EXERCISE PROMPT
Apart from the pictures, output all of the records exactly.

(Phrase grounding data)
Start of Block

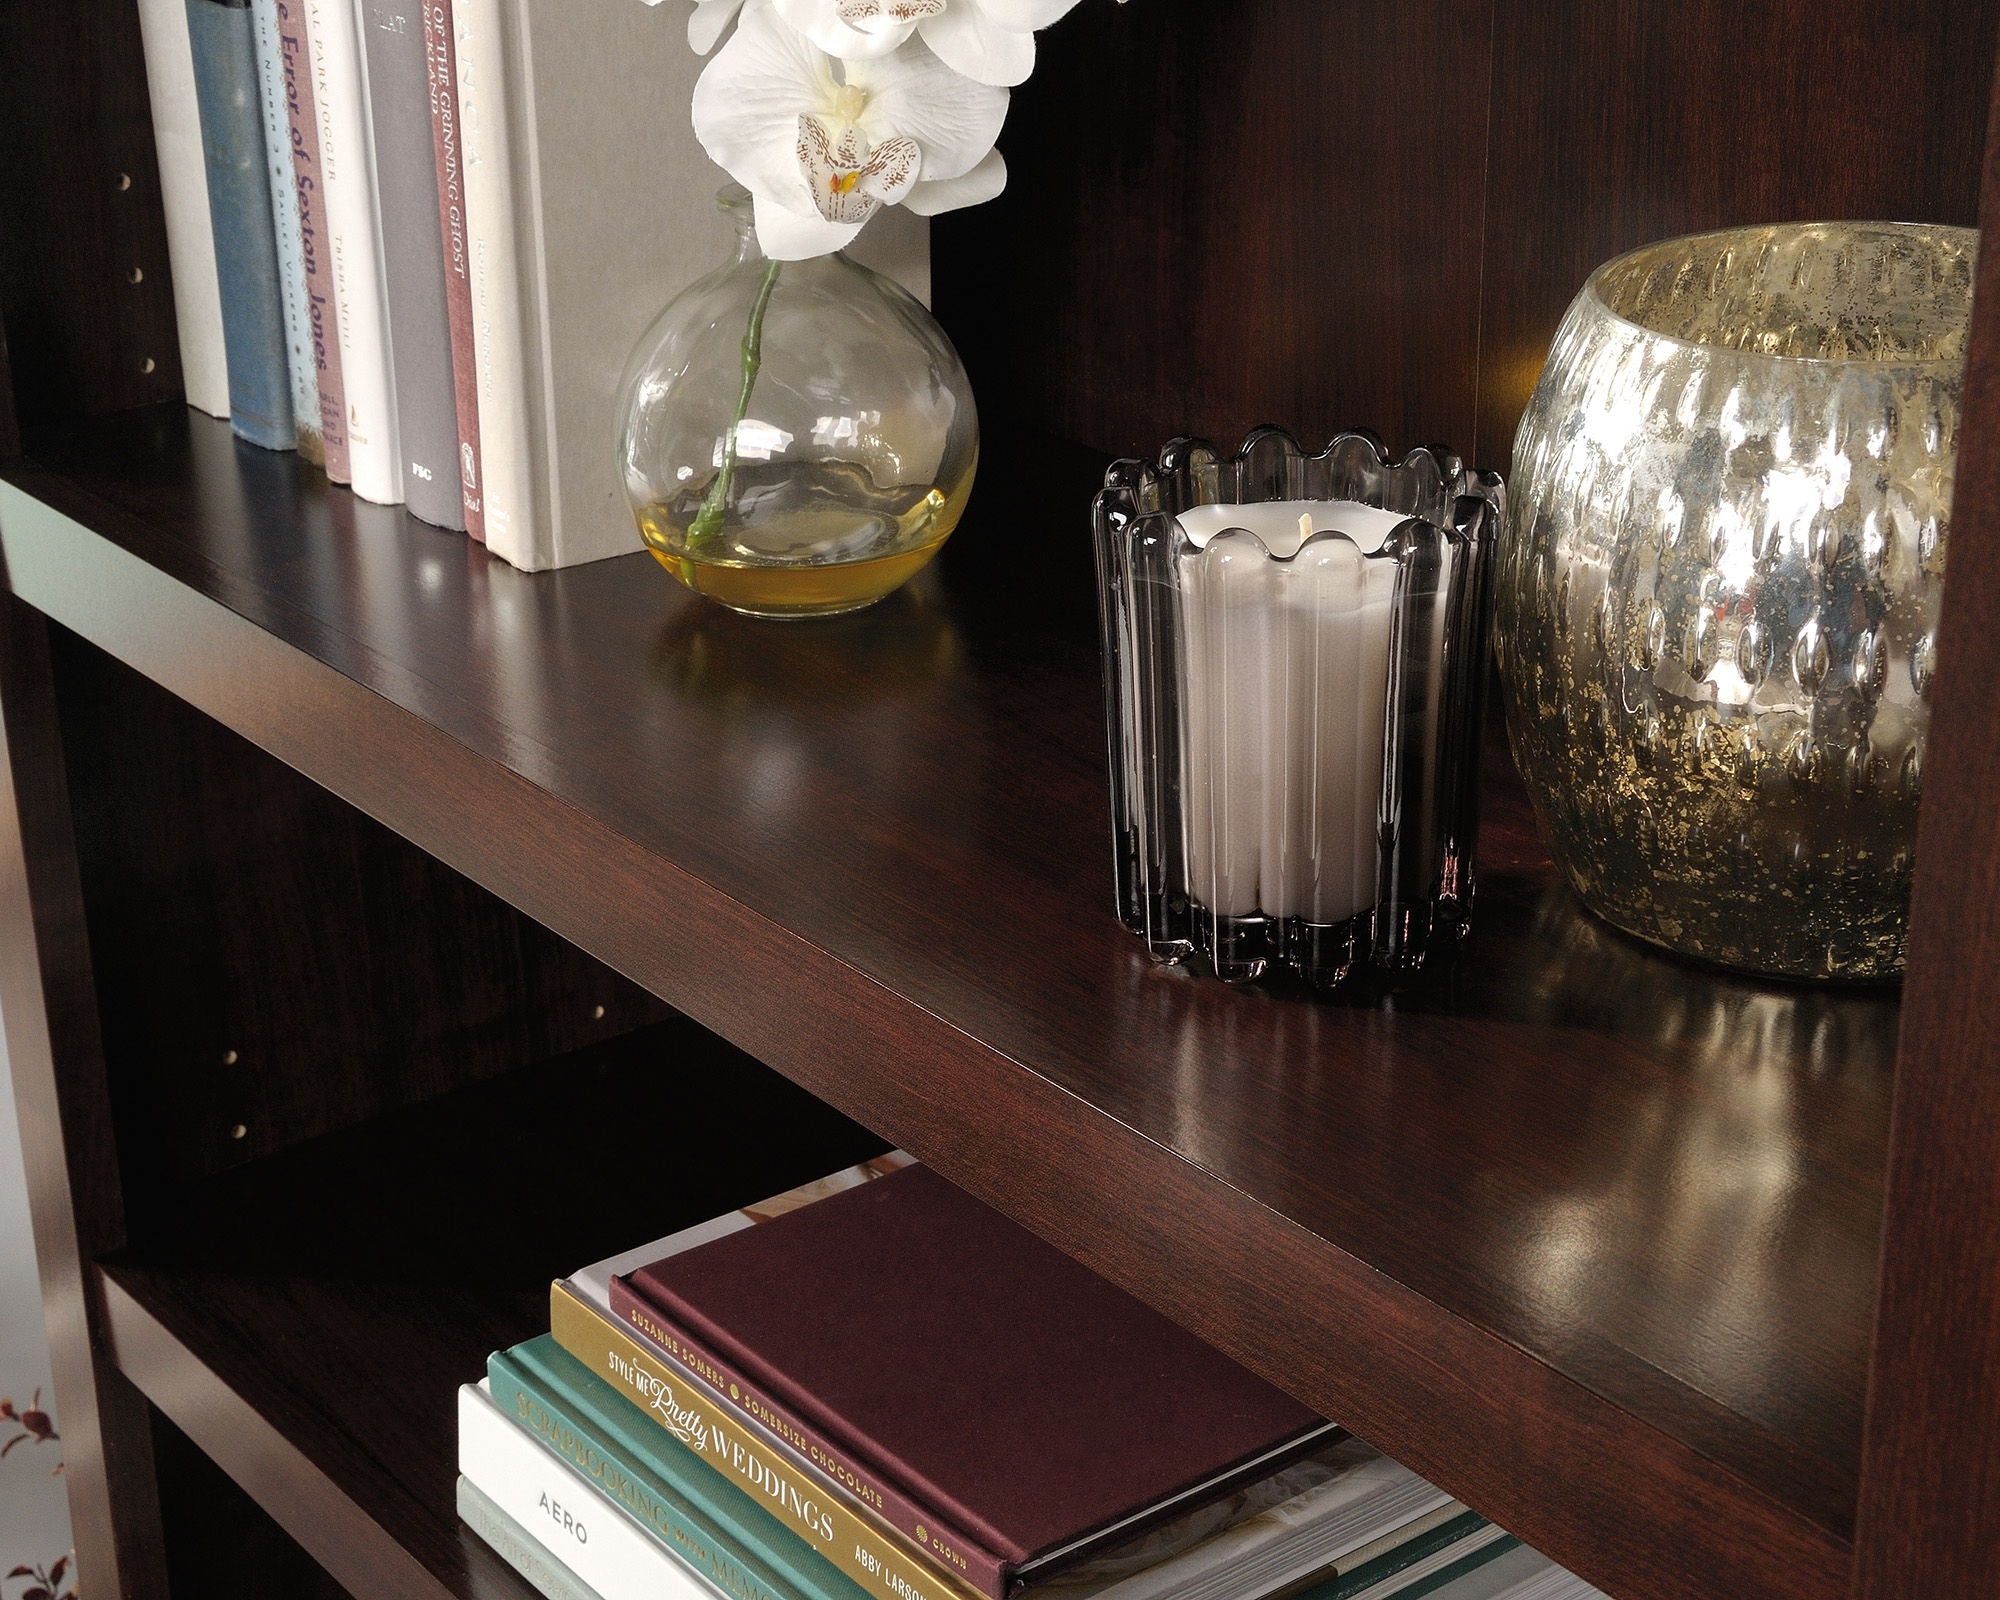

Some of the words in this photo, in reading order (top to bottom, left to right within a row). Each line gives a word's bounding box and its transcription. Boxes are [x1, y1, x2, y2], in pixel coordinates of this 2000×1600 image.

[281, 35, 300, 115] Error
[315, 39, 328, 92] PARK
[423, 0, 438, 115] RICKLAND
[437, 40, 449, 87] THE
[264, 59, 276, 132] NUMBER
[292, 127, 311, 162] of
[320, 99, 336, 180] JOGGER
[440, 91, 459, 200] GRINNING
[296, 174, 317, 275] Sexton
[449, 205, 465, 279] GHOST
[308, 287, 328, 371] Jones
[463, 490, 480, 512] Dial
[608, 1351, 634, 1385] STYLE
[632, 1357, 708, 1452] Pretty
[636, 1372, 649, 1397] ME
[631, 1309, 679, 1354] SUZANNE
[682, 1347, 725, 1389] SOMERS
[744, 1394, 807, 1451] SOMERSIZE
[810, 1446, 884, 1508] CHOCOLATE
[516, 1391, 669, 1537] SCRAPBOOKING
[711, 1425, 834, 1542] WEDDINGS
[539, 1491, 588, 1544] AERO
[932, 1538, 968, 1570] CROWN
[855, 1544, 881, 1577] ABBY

End of Block

ANSWER TO THIS EXERCISE
Some of the words in this photo, in reading order (top to bottom, left to right within a row). Each line gives a word's bounding box and its transcription. Boxes are [x1, y1, x2, y2], in pixel coordinates of this 2000×1600 image.

[281, 35, 300, 115] Error
[315, 39, 328, 92] PARK
[423, 0, 438, 115] RICKLAND
[437, 40, 449, 87] THE
[264, 59, 276, 132] NUMBER
[292, 127, 311, 162] of
[320, 99, 336, 180] JOGGER
[440, 91, 459, 200] GRINNING
[296, 174, 317, 275] Sexton
[449, 205, 465, 279] GHOST
[308, 287, 328, 371] Jones
[463, 490, 480, 512] Dial
[608, 1351, 634, 1385] STYLE
[632, 1357, 708, 1452] Pretty
[636, 1372, 649, 1397] ME
[631, 1309, 679, 1354] SUZANNE
[682, 1347, 725, 1389] SOMERS
[744, 1394, 807, 1451] SOMERSIZE
[810, 1446, 884, 1508] CHOCOLATE
[516, 1391, 669, 1537] SCRAPBOOKING
[711, 1425, 834, 1542] WEDDINGS
[539, 1491, 588, 1544] AERO
[932, 1538, 968, 1570] CROWN
[855, 1544, 881, 1577] ABBY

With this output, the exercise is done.